Creating PostgreSQL locks with Docker

Creating PostgreSQL locks with Docker

2018, Sep 20    

I used to try and understand how databases work by just reading the documentation, but one day I realized that everything in the docs can be recreated with relatively little effort. Recently I was reading PostgreSQL documentation on how database locks work, and I realized I wasn’t fully comprehending the content of the documentation. So I figured I would try it out with a bare-bones database.

Step 1

Create an empty database with PostgreSQL.

This can be done really easily using docker and a PostgreSQL docker container. If you do not have docker running you can find out how to install it here: https://docs.docker.com/

docker run --name postgres-lock-test -e POSTGRES_PASSWORD=s -d postgres

That’s it! You now have PostgreSQL running locally.

Step 2

Create a table and insert some data.

To do this we can use PostgreSQL’s command line tool psql and we use the CREATE TABLE command and INSERT command.

docker exec -it postgres-lock-test psql -U postgres

postgres=# CREATE TABLE dawgs (
    id     serial PRIMARY KEY,
    name    varchar(40)
);

postgres=# INSERT INTO dawgs (name)
  SELECT 'Dawg number: ' || number
  FROM generate_series(1,10000) AS number;

Boom! We now have a database with one table and a bunch of data in that table. Here is a quick look at the first 10 rows of the data.

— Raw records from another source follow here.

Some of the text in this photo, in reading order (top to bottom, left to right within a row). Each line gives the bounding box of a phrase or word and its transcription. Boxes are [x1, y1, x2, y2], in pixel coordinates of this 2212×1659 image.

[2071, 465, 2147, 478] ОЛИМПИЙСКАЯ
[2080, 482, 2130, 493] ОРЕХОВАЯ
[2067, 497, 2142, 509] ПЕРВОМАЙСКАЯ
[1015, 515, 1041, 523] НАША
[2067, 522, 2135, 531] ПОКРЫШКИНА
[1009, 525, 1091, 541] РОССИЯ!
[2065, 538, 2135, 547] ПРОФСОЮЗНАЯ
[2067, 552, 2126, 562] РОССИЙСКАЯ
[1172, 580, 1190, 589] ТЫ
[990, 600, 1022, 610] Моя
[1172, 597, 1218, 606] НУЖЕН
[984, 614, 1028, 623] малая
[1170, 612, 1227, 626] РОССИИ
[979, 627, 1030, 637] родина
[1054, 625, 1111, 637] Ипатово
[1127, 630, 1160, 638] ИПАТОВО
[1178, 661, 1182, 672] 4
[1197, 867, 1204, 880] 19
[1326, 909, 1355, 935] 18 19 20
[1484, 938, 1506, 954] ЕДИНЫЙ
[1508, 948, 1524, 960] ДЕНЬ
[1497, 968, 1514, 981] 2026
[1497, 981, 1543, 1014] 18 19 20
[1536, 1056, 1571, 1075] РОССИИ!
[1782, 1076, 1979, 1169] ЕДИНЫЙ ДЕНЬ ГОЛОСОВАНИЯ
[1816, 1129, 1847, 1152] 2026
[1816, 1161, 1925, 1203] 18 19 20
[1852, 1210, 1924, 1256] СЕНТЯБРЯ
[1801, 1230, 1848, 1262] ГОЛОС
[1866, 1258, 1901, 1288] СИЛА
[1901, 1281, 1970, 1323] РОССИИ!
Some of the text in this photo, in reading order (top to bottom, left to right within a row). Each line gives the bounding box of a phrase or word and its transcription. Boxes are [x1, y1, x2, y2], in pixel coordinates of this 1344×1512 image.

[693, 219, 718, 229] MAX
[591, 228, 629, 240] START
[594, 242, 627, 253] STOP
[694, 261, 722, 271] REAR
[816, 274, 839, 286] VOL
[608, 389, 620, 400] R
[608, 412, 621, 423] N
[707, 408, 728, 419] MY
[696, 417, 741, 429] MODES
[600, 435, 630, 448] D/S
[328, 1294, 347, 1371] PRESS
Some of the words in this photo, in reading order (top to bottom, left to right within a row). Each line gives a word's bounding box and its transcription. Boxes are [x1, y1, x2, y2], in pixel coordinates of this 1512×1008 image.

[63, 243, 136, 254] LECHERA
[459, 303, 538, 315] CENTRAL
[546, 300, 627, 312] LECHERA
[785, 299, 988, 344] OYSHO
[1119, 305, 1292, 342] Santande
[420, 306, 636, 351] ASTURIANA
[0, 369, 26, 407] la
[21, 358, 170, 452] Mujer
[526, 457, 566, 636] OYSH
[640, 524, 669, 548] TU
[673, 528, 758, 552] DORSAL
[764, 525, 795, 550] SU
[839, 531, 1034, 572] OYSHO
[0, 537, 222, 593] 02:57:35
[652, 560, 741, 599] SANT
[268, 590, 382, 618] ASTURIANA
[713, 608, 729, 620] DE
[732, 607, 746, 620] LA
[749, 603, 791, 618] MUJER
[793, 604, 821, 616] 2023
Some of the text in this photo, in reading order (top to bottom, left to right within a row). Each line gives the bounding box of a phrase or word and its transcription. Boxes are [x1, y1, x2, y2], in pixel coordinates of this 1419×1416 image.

postgres=# SELECT * FROM dawgs LIMIT 10;
 id |      name
----+-----------------
  1 | Dawg number: 1
  2 | Dawg number: 2
  3 | Dawg number: 3
  4 | Dawg number: 4
  5 | Dawg number: 5
  6 | Dawg number: 6
  7 | Dawg number: 7
  8 | Dawg number: 8
  9 | Dawg number: 9
 10 | Dawg number: 10
(10 rows)

Step 3

Create some locks.

To create some locks in that database that interact with each other we can use two psql instances running at once, and with the BEGIN command we can start up transactions on both those two psqls so that the locks won’t free up until we use the END command.

docker exec -it postgres-lock-test psql -U postgres
postgres=# Begin;
BEGIN
postgres=# UPDATE dawgs SET name = 'Ben Dawg' WHERE id = 123;
UPDATE 1
postgres=#

# in another psql
docker exec -it postgres-lock-test psql -U postgres
postgres=# Begin;
BEGIN
postgres=# UPDATE dawgs SET name = 'Ben bro' WHERE id = 123;
# Notice your prompt is stuck waiting for the above command to run.

Shazam! We created two transactions. The first transaction is locking one record that the second transaction is also attempting to update.

Step 4

Make sense of the PostgreSQL internal stats tables.

We are able to find these locks in the different pg stats tables. The PostgreSQL internal tables can be helpful to track down lock related issues. To try this out we can keep the two psql instances above open and create a new psql that looks at the pg_stat_activity table.

docker exec -it postgres-lock-test psql -U postgres
postgres=# SELECT pid, state, query
           FROM  pg_stat_activity
           WHERE application_name = 'psql' AND wait_event IS NOT NULL;
 pid |        state        |                       query
-----+---------------------+----------------------------------------------------
  91 | idle in transaction | UPDATE dawgs SET name = 'Ben Dawg' WHERE id = 123;
 107 | active              | UPDATE dawgs SET name = 'Ben bro' WHERE id = 123;
(2 rows)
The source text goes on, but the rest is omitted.